Check out the way the solid Olive and variagated Autumn yarns blend in the linen stitch. I really enjoy how the oranges and pinks make the scarf pop with color yet because the Autumn yarn had a fair bit of green in it the overall appearance is subtle.
Even the back side of the scarf is pretty!
I forgot to take finished measurements this morning (plus I haven’t actually blocked the scarf yet) but the finished size is just about perfect. I had maybe a foot of the Olive yarn left and just a few grams of the Autumn remaining. It’s a great looking scarf and I can’t believe it took me 2 whole weeks to knit. Seemed like an eternity but I’m guessing that is the problem with knitting scarves lengthwise and when you combine that with the compact row height of linen stitch it becomes neverending knitting.
I did do some spinning this last week but an accident with the skeiner has put it out of commission. Dad has been put on the task of giving me skeiner pegs that can stand up to the abuse I apparently put them through. Hopefully by tonight or tomorrow I will have a working skeiner again. However without the skeiner I have no easy way of making skeins of my handspun because I refuse to handwind what might be over 400yards of yarn onto a niddy noddy. I did spin up 4oz of a new fiber I dyed up last week and man it spins like butter. The other braids I dyed in the same session should hopefully go online tonight or tomorrow.
I made a quick trip down to Portland this weekend (which is why I am going to be 2 days late shipping out fiber club) to celebrate a friend’s completion of his masters degree. I enjoyed a delicious blueberry cornbread for breakfast on Saturday, an amazing Lebanese meal for Saturday dinner and a very excellent french bread toast that was coated in cinnamon sugar crushed cornflakes. I always eat well when I visit Portland. On the drive home I saw truck that I needed to photograph.
Sheep in a truck!
(I was driving so I had Giselle take the picture). I have no idea what kind of sheep these might be though.
In other news….the P-Patch garden is still going strong. Despite the odd weather we had this summer (can 2 weeks of warm weather really be called summer?) the zucchini and now the tomatoes are breaking all my previous harvest records.
First we had the motherload of zucchini.
Yes that is a normal sized banana. There were several giant zucchinis this year plus 2 freakish looking ones that grew in funky shapes.
Then last week I stopped by my parents house to check out the first tomato my Mom harvested.
In case you can’t read the numbers on the scale it says 1lb 9 5/8oz. Yes I have a tomato that is almost 26oz in weight. Need another visual for scale?
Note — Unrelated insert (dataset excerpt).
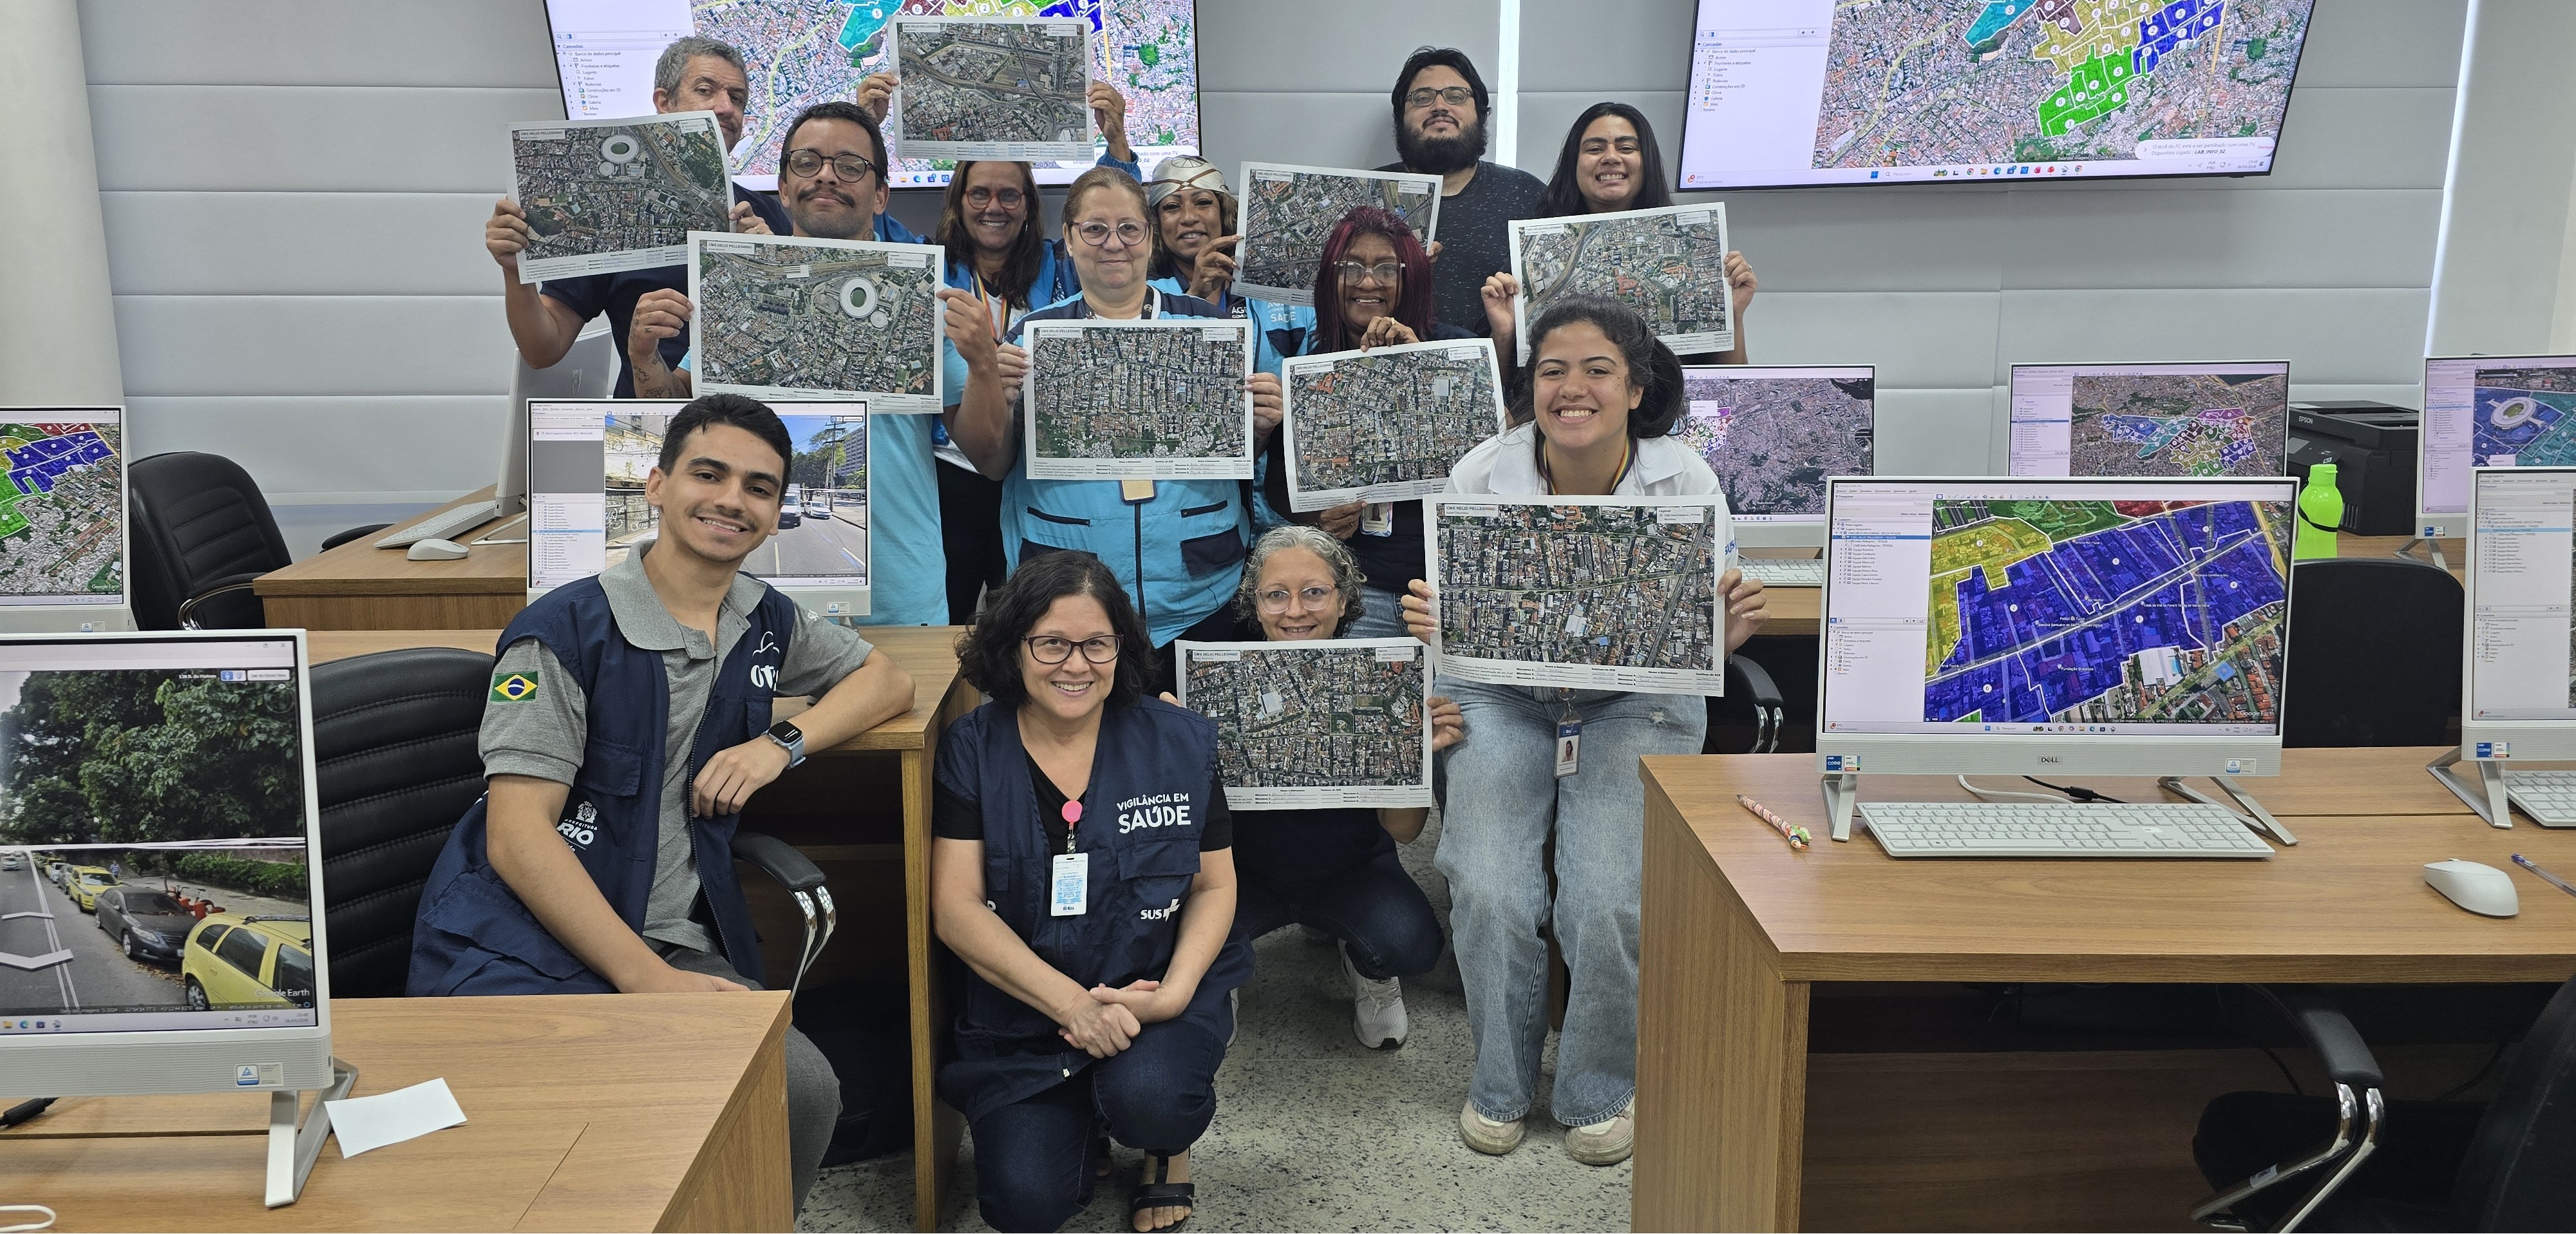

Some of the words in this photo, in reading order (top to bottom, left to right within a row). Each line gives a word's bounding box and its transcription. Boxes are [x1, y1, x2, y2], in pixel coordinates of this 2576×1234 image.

It FILLs my hand and I like to think I have normal adult sized hands. This is not a petite tomato and yet from what I remember of the seeds I purchased I don’t recall buying any known for their size. This is all organic and this year I only planted heirloom varieties. Just goes to show you don’t need no stinking pesticides or genetically modified seeds to grow your own delicious and impressive produce.
I currently only have 1 project on the needles and that is the Nutkin sock, progress has slowed on that because I wanted the scarf finished. However now that the scarf is done I might have more time for the sock.
Then again I did get a yarny package in the mail yesterday (seriously the front desk person at work is really beginning to wonder about me) that might distract me from the sock. My February Lady Sweater yarn came! I didn’t have a chance to take a picture of it yet but I think this was a good choice. I may need to swatch tonight.